At a meeting with parents on Staten Island on Tuesday night, EPA officials said parents shouldn't panic because air samples taken from three schools in a pilot program last year where lighting fixtures were leaking weren't high enough to cause alarm. But the agency still wants all older fixtures removed because it can't be certain about long term risks and is trying to reduce all sources of PCBs in the environment.
The findings come as parents and other groups are urging the city to do more about the potential threats posed by PCBs, which have been linked to numerous health problems including cancer and developmental disabilities.
The EPA published new guidelines for school districts urging them to replace their older lighting fixtures because they're likely to contain PCBs.

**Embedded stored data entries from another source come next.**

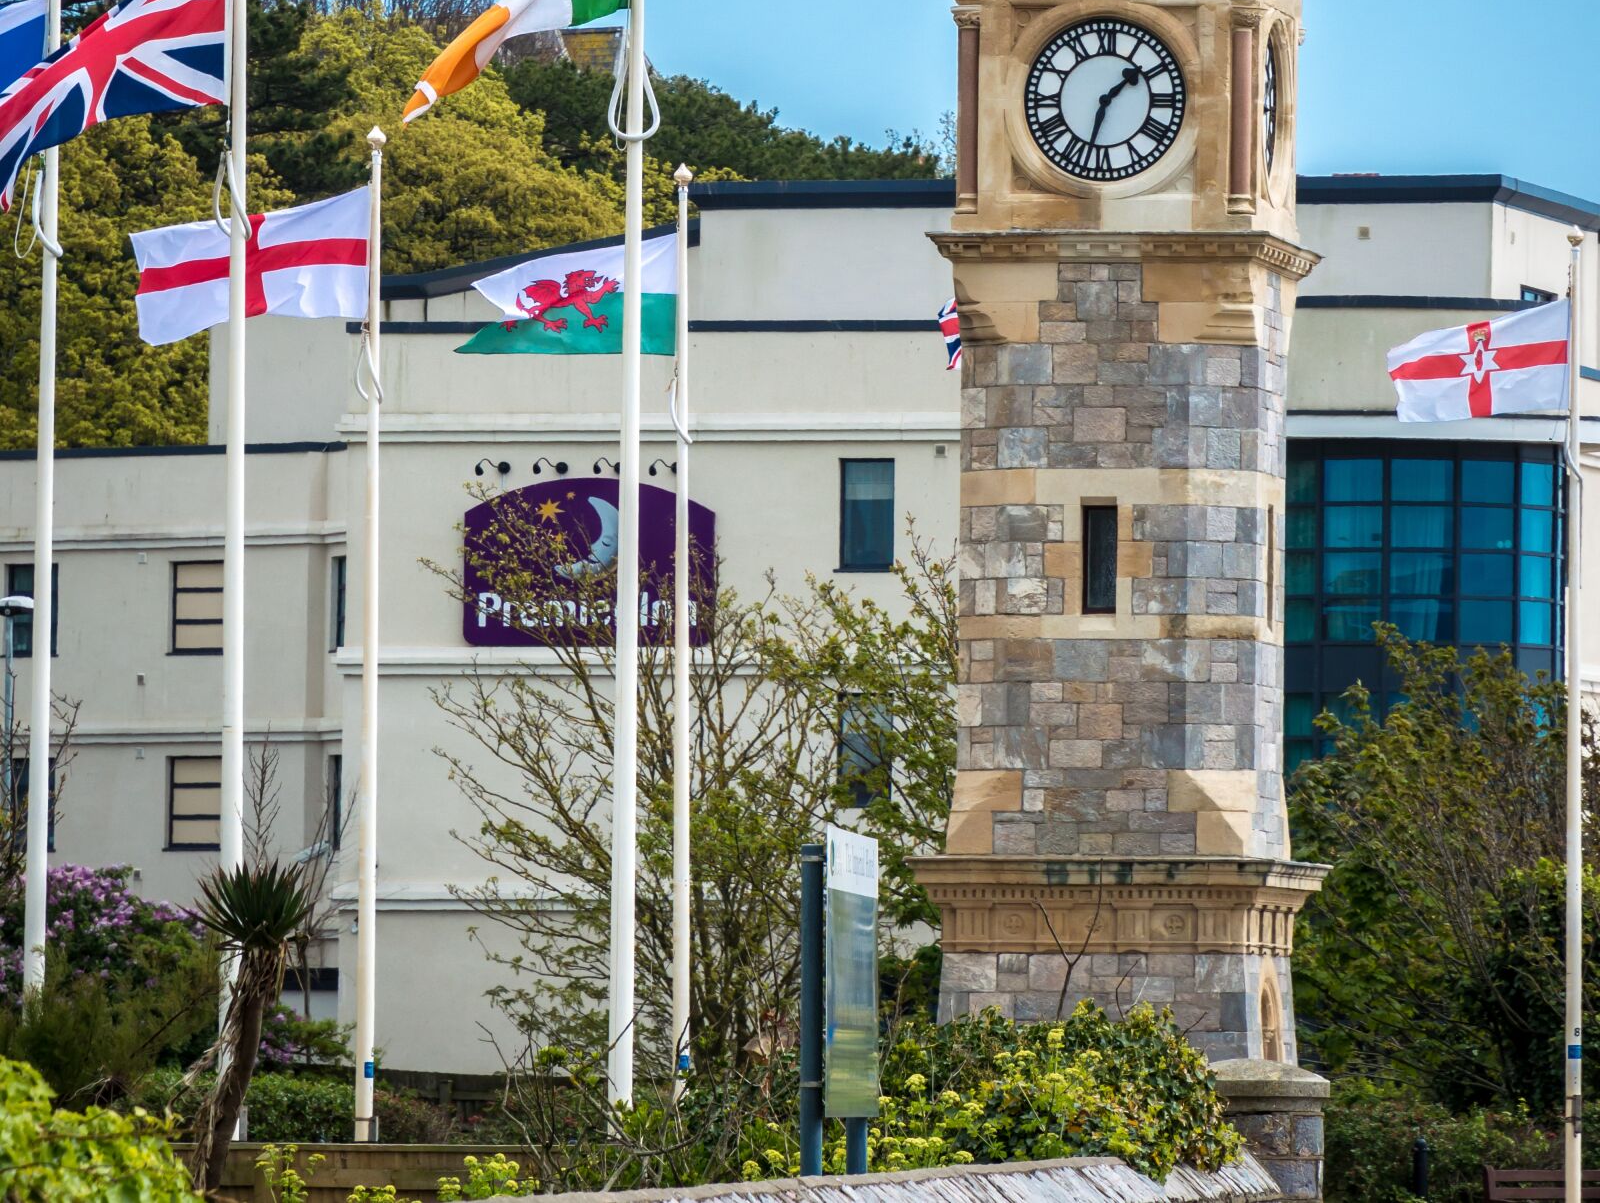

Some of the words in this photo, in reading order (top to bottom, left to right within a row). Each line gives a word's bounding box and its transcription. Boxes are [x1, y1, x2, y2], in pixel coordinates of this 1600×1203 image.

[1065, 35, 1089, 60] XI
[1096, 31, 1117, 55] XII
[1044, 61, 1069, 80] X
[1144, 61, 1168, 79] II
[1037, 93, 1060, 108] IX
[1150, 93, 1173, 108] III
[1040, 116, 1069, 145] VIII
[1141, 117, 1170, 144] IIII
[1127, 141, 1144, 163] V
[478, 592, 618, 627] Premie
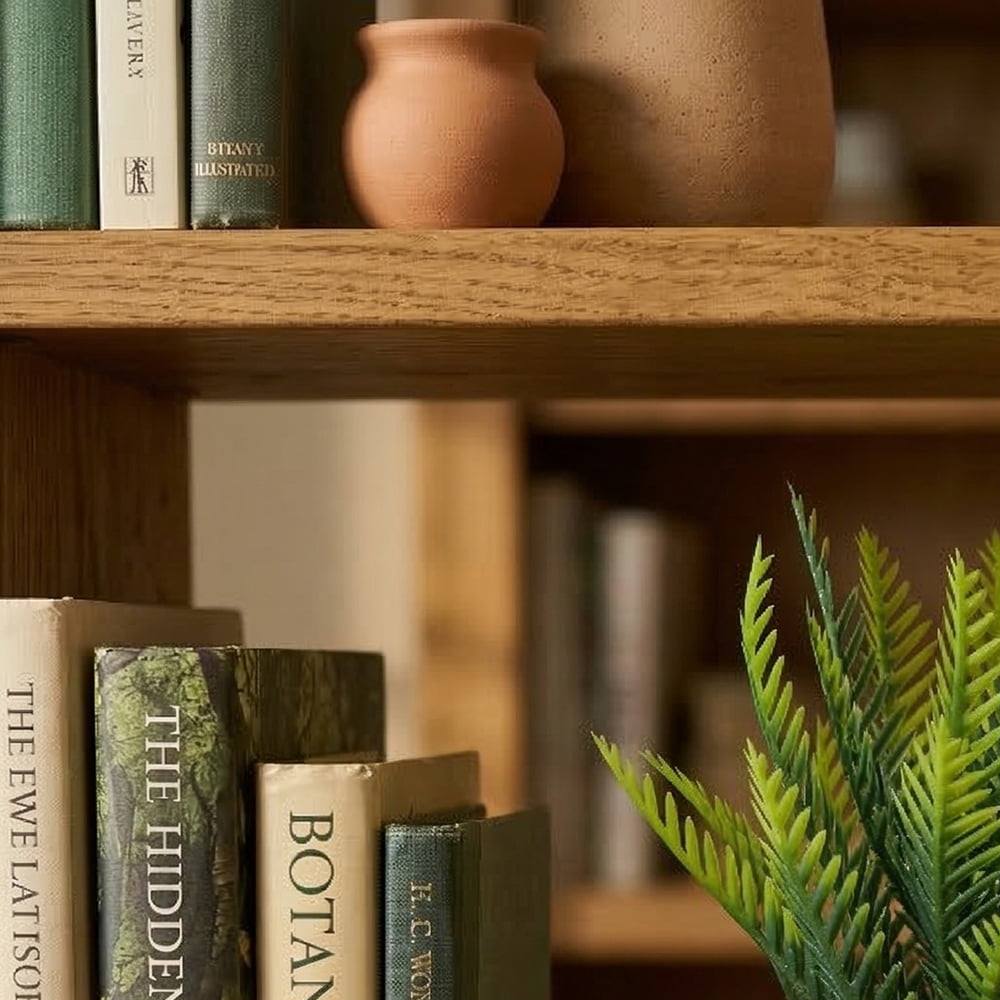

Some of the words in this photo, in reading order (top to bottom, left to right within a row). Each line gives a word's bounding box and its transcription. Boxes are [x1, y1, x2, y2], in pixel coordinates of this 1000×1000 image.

[7, 682, 35, 756] THE
[145, 704, 182, 804] THE
[9, 768, 38, 848] EWE

The industrial compounds were commonly used before being banned by Congress in 1979. Scientists said they don't pose immediate short-term risks but that there is a risk from long-term exposure though it's unclear how much a person would need to inhale before being affected. PCBs have also been found in the food chain.
However, Miranda Massie, litigation director of New York Lawyers for the Public Interest, said the finding at PS 53 means more than 700 schools in New York City could be effected.

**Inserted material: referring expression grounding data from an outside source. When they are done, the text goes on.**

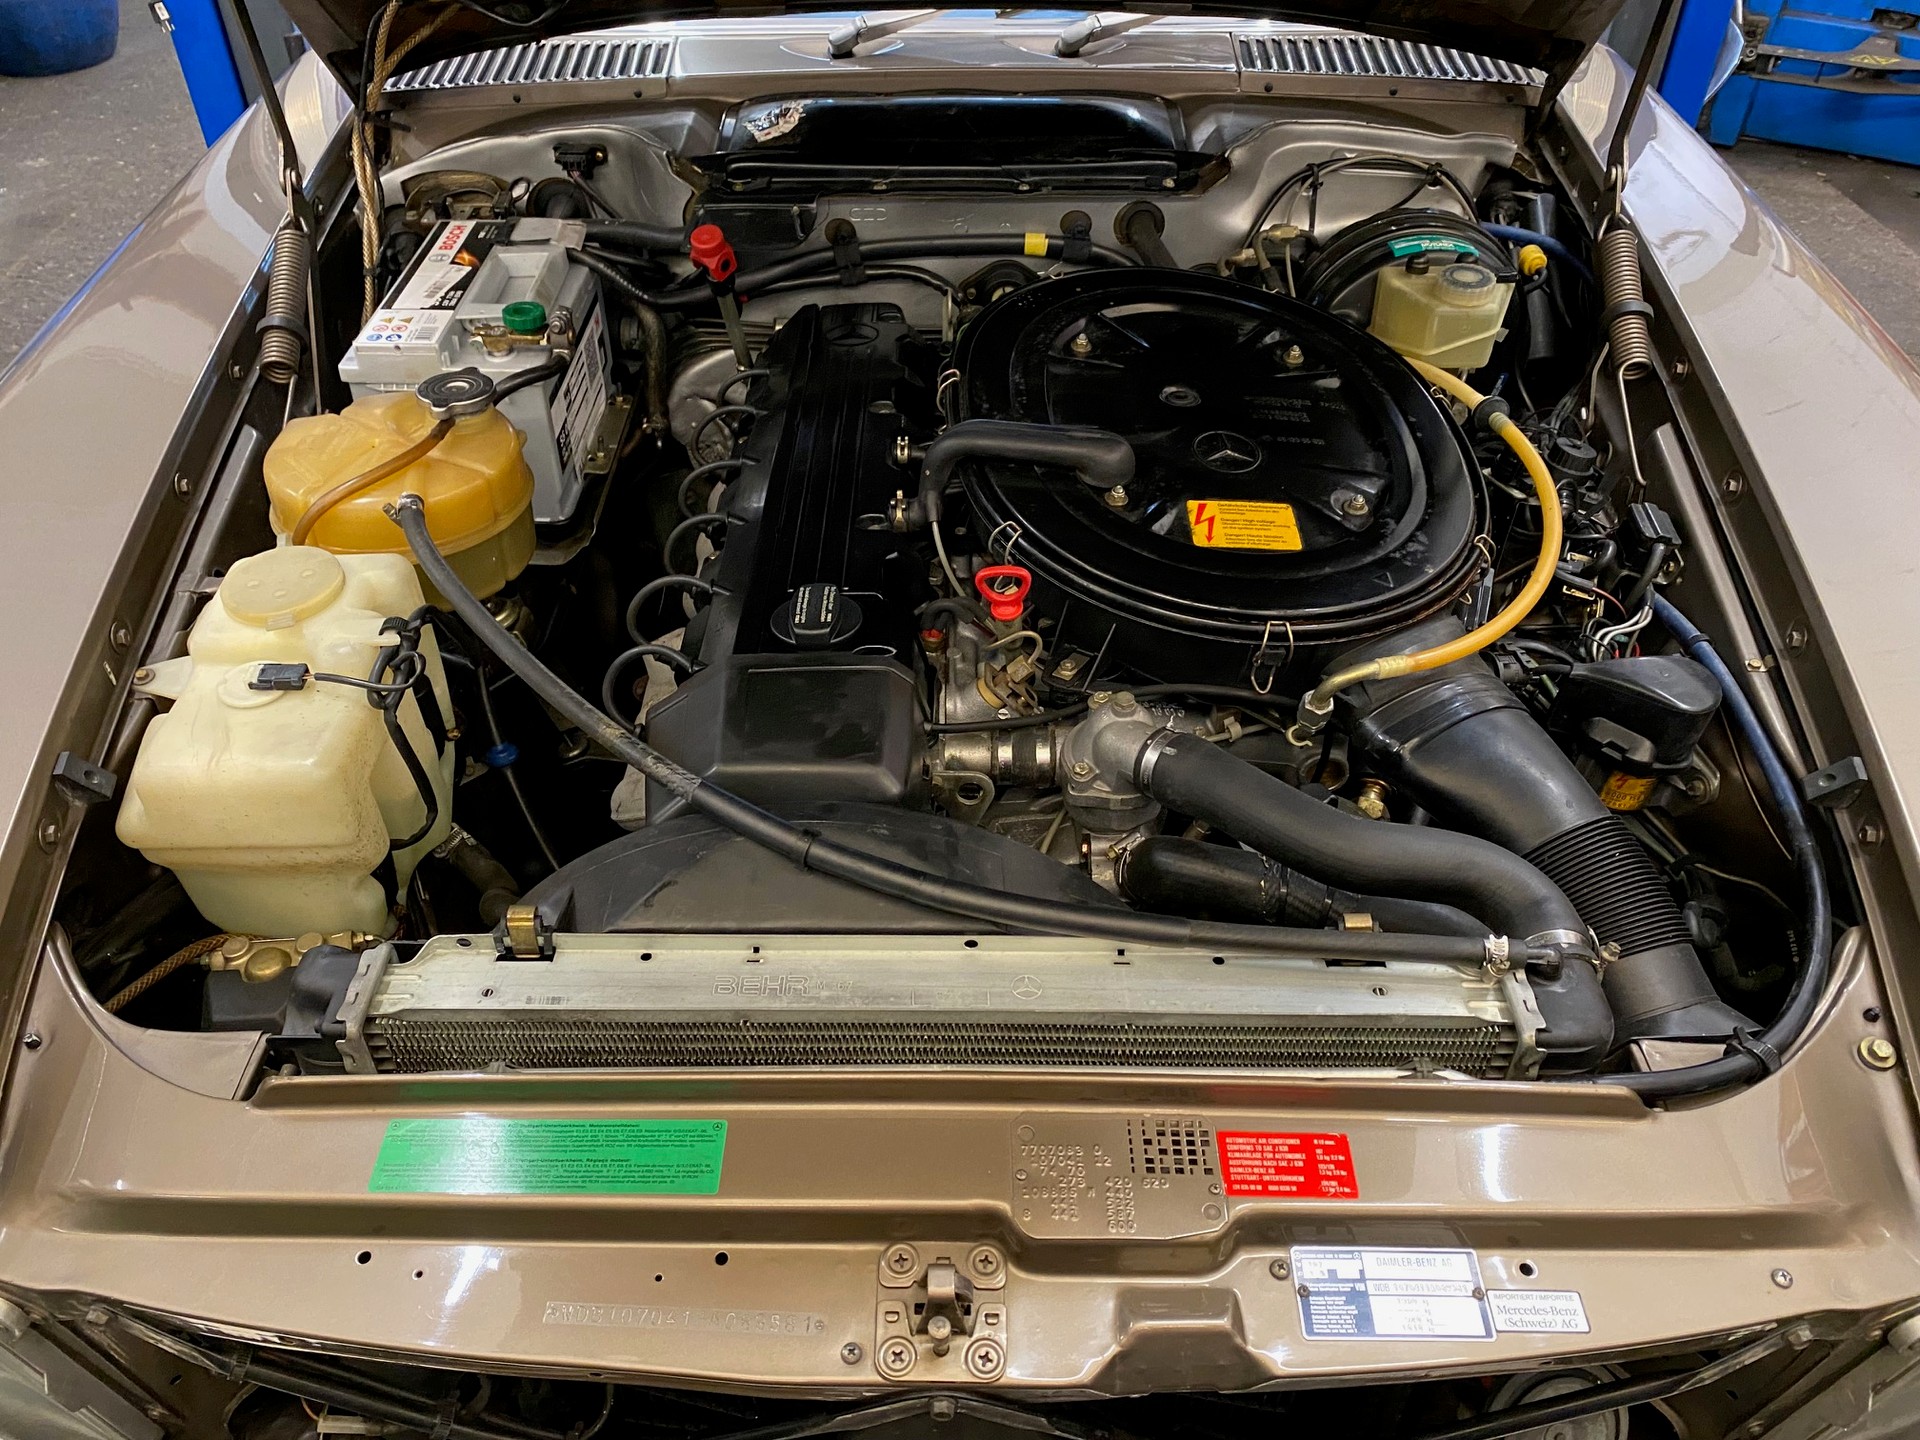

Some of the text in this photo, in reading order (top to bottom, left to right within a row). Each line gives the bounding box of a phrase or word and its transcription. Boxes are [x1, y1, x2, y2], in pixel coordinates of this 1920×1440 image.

[438, 225, 467, 251] BOSCH
[713, 975, 809, 996] BEHR
[1107, 1220, 1137, 1233] 600
[1376, 1257, 1437, 1267] DAIMLER-BENZ
[1496, 1305, 1579, 1316] Mercedes-Benz
[1505, 1318, 1578, 1329] (Schweiz) AG

"The lighting fixtures in question are all from the 1960s and 1970s," she said. "They're extremely old and failing and they become leaky as they age. And what they leak is PCBs."
Massie's group, several city council members and New York Communities for Change are urging the city to replace all older lighting ballasts that could contain the substance. She noted they're obsolete anyway and that newer models are much more energy efficient.

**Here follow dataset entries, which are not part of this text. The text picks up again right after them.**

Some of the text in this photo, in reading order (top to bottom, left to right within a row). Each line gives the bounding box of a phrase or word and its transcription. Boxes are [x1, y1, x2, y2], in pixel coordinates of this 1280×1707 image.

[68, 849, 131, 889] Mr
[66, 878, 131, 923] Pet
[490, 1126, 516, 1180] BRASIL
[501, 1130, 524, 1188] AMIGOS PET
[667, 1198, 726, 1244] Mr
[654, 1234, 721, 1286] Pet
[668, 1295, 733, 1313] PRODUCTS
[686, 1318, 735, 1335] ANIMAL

But Mayor Bloomberg said it would be too expensive because they're in public housing and schools and so many other facilities.
"Keep in mind, PCBs are something that are in virtually every building," he said Tuesday. "Certainly every building built in the last 50 years. They're part of the insulation, part of the lighting fixtures."
As with asbestos, Bloomberg said the trick is to guard against leaks.
The city has directed school custodians to visually inspect all lighting fixtures. PCBs are found in the ballasts and when they leak, brownish stains can be seen on light covers. Custodians have been urged to report any stains. The city already found stains on lighting fixtures at PS 36 in Staten Island and has been inspecting and replacing the ballasts of lighting fixtures.
Staten Island City Councilman Vincent Ignizio calls the memo to custodians a good start. He said it's clearly a problem the department of education can't solve overnight but that "my hope is we can engage them further" with new independent test results finding PCBs in caulk.
New York Communities for Change tested window caulk at six schools and found hundreds of times the acceptable levels of PCBs. The schools were: PS 16 in Staten Island, MS 53 in Brooklyn, PS 149 in Manhattan and PS 15, PS 56 and PS 332 in Brooklyn.
At PS 332 in Brownsville, there were 325,000 parts per million of PCBs (about one third in total); the EPA limit is 50 parts per million. However, no tests were conducted of the air at any of these six schools.
Celia Green, whose fifth grade son attends PS 56 in Brooklyn and is a member of New York Communities for Change, said she's worried about those findings and hopes the city will now conduct air testing. "We don't know exactly what the PCB's are causing," she said, nothing that she has four children with different levels of autism. All were diagnosed well before school age but Green says she wonders if she had been exposed to anything during her lifetime.
The city has yet to respond to the group's test but says it's long known caulking is a potential problem and has a pilot study underway to look into it.